Exercise:
Repeat the records exactly. Leave out the pictures.

======== The data ========

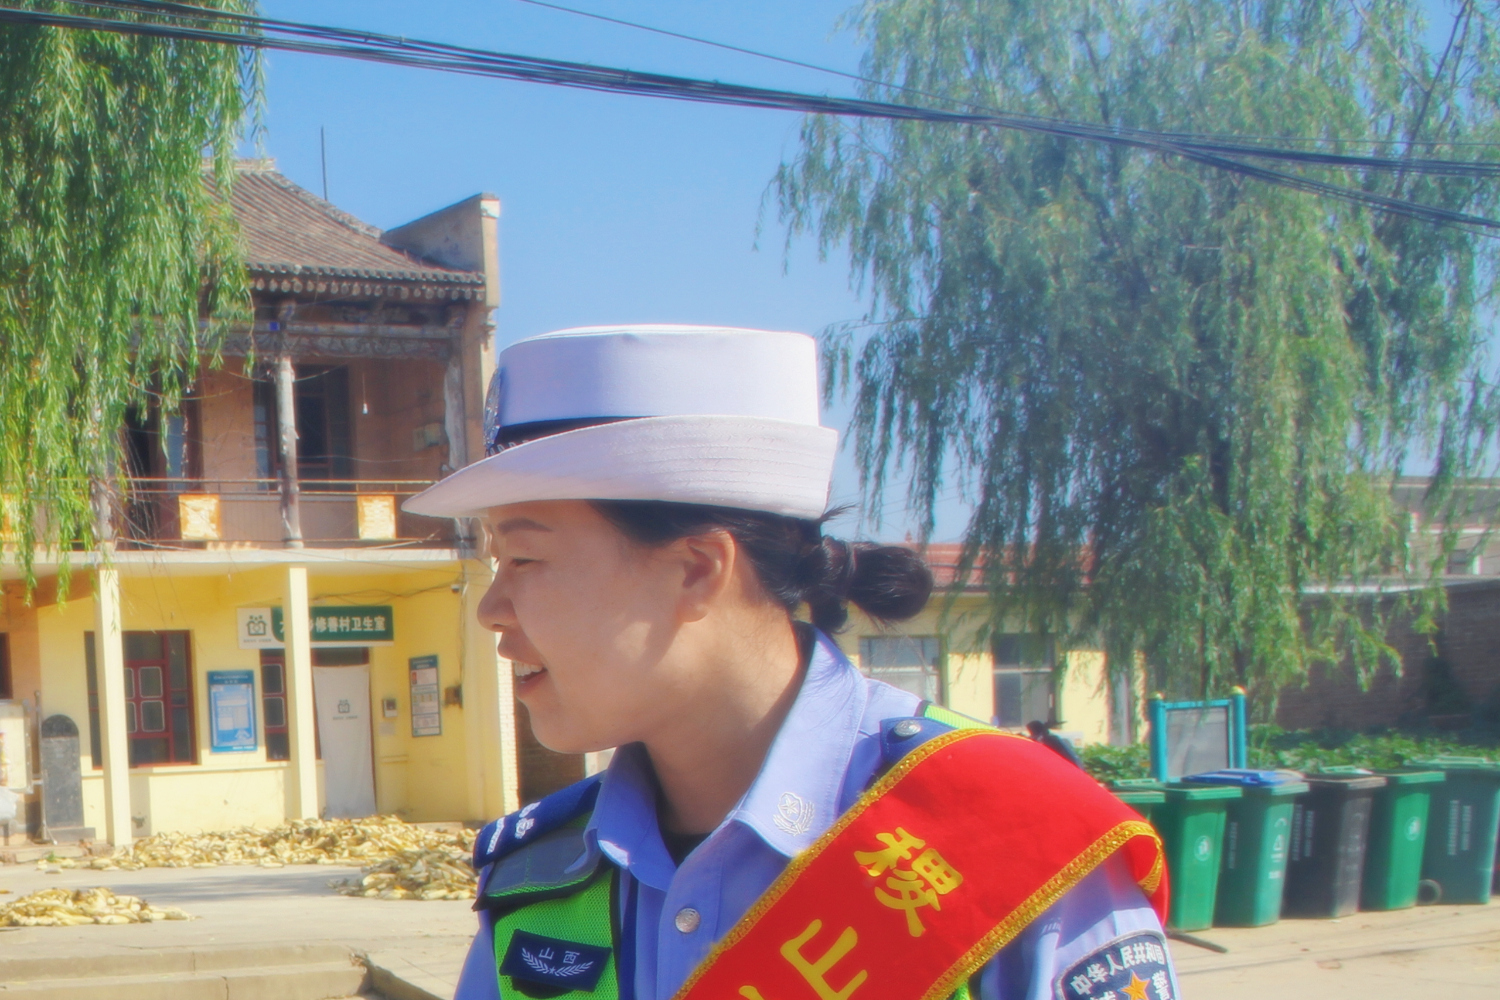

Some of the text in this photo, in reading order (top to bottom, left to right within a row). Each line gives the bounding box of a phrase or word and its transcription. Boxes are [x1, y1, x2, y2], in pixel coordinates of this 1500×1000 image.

[280, 616, 386, 633] 修善村卫生室
[539, 947, 581, 964] 山西
[1070, 942, 1166, 995] 中华人民共和国
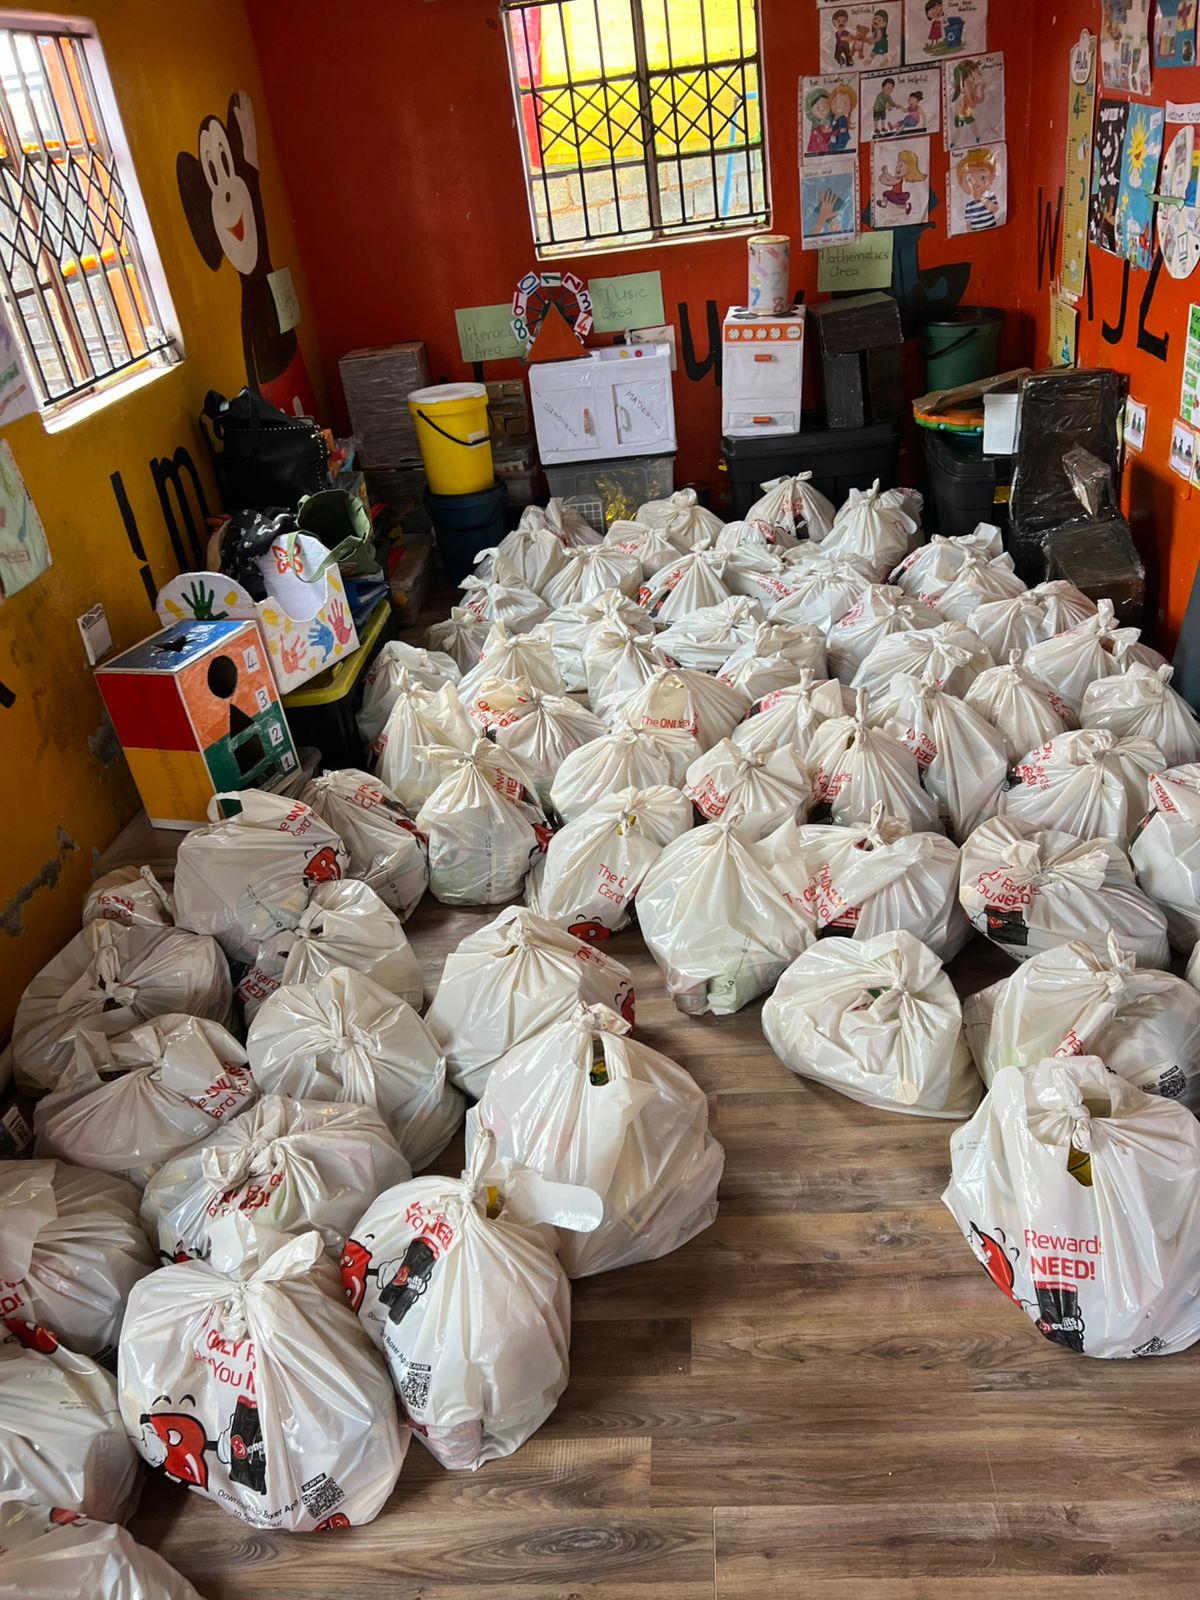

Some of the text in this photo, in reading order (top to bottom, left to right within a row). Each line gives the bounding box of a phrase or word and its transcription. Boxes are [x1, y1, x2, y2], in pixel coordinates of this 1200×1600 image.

[820, 249, 890, 265] Mathematics
[579, 293, 591, 310] 3
[596, 282, 649, 302] Music
[514, 318, 528, 339] 8
[246, 651, 258, 669] 4
[257, 690, 268, 709] 3
[641, 715, 660, 727] The
[271, 727, 282, 742] 2
[283, 756, 293, 769] 1
[598, 863, 618, 885] The
[598, 883, 625, 904] Card
[1030, 1256, 1096, 1281] NEED!
[385, 1335, 401, 1357] Boxer
[211, 1358, 244, 1388] YOU
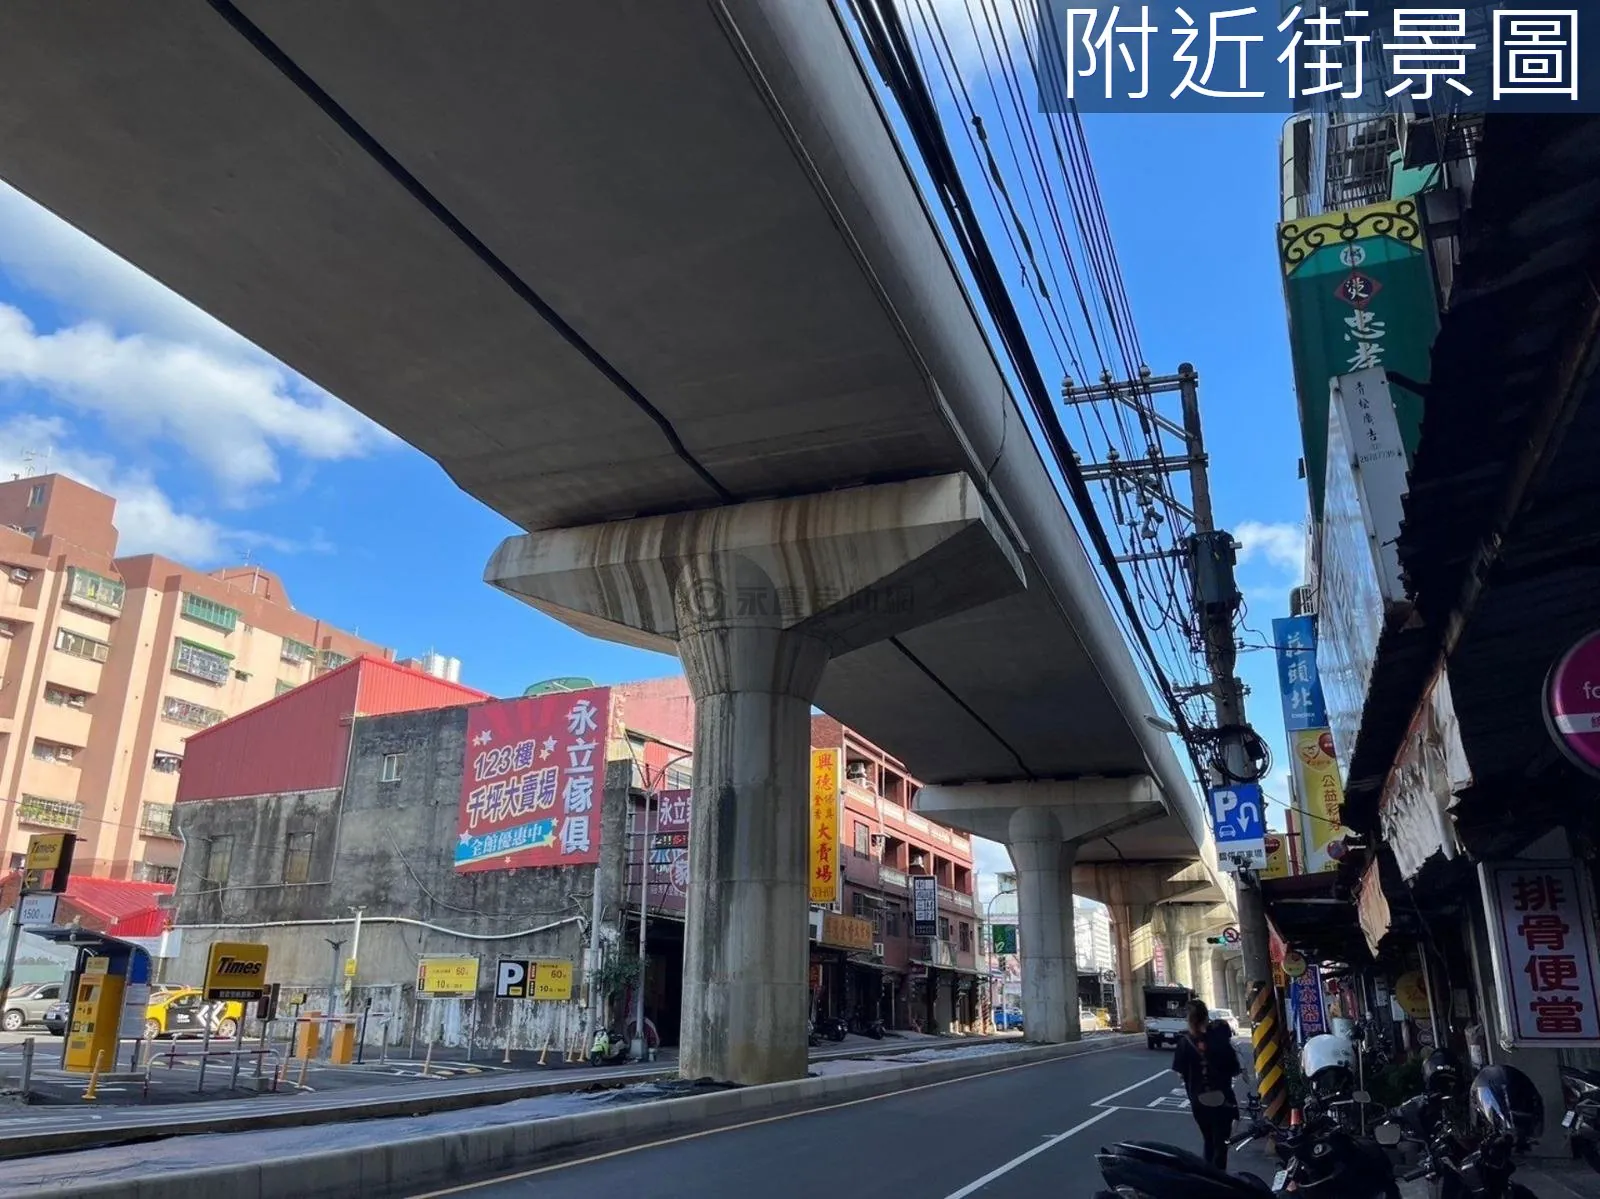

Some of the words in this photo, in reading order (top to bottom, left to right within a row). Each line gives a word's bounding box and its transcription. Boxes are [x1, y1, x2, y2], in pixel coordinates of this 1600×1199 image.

[473, 739, 536, 782] 123樓
[559, 699, 599, 855] 永立傢俱
[466, 766, 559, 829] 千坪大賣場
[1214, 791, 1238, 822] P
[471, 823, 544, 857] 全館優惠中
[815, 822, 833, 886] 大賣場
[217, 956, 262, 975] Times
[1511, 874, 1584, 1033] 排骨便當
[498, 962, 524, 995] P

========

Response box:
Some of the text in this photo, in reading order (top to bottom, left to right within a row). Each line gives the bounding box of a phrase or word and its transcription. Boxes are [x1, y1, x2, y2], in pixel coordinates of this 1500×1000 image.

[280, 616, 386, 633] 修善村卫生室
[539, 947, 581, 964] 山西
[1070, 942, 1166, 995] 中华人民共和国

Some of the text in this photo, in reading order (top to bottom, left to right within a row). Each line gives the bounding box of a phrase or word and its transcription. Boxes are [x1, y1, x2, y2], in pixel coordinates of this 1200×1600 image.

[820, 249, 890, 265] Mathematics
[579, 293, 591, 310] 3
[596, 282, 649, 302] Music
[514, 318, 528, 339] 8
[246, 651, 258, 669] 4
[257, 690, 268, 709] 3
[641, 715, 660, 727] The
[271, 727, 282, 742] 2
[283, 756, 293, 769] 1
[598, 863, 618, 885] The
[598, 883, 625, 904] Card
[1030, 1256, 1096, 1281] NEED!
[385, 1335, 401, 1357] Boxer
[211, 1358, 244, 1388] YOU

Some of the words in this photo, in reading order (top to bottom, left to right within a row). Each line gives a word's bounding box and its transcription. Boxes are [x1, y1, x2, y2], in pixel coordinates of this 1600×1199 image.

[473, 739, 536, 782] 123樓
[559, 699, 599, 855] 永立傢俱
[466, 766, 559, 829] 千坪大賣場
[1214, 791, 1238, 822] P
[471, 823, 544, 857] 全館優惠中
[815, 822, 833, 886] 大賣場
[217, 956, 262, 975] Times
[1511, 874, 1584, 1033] 排骨便當
[498, 962, 524, 995] P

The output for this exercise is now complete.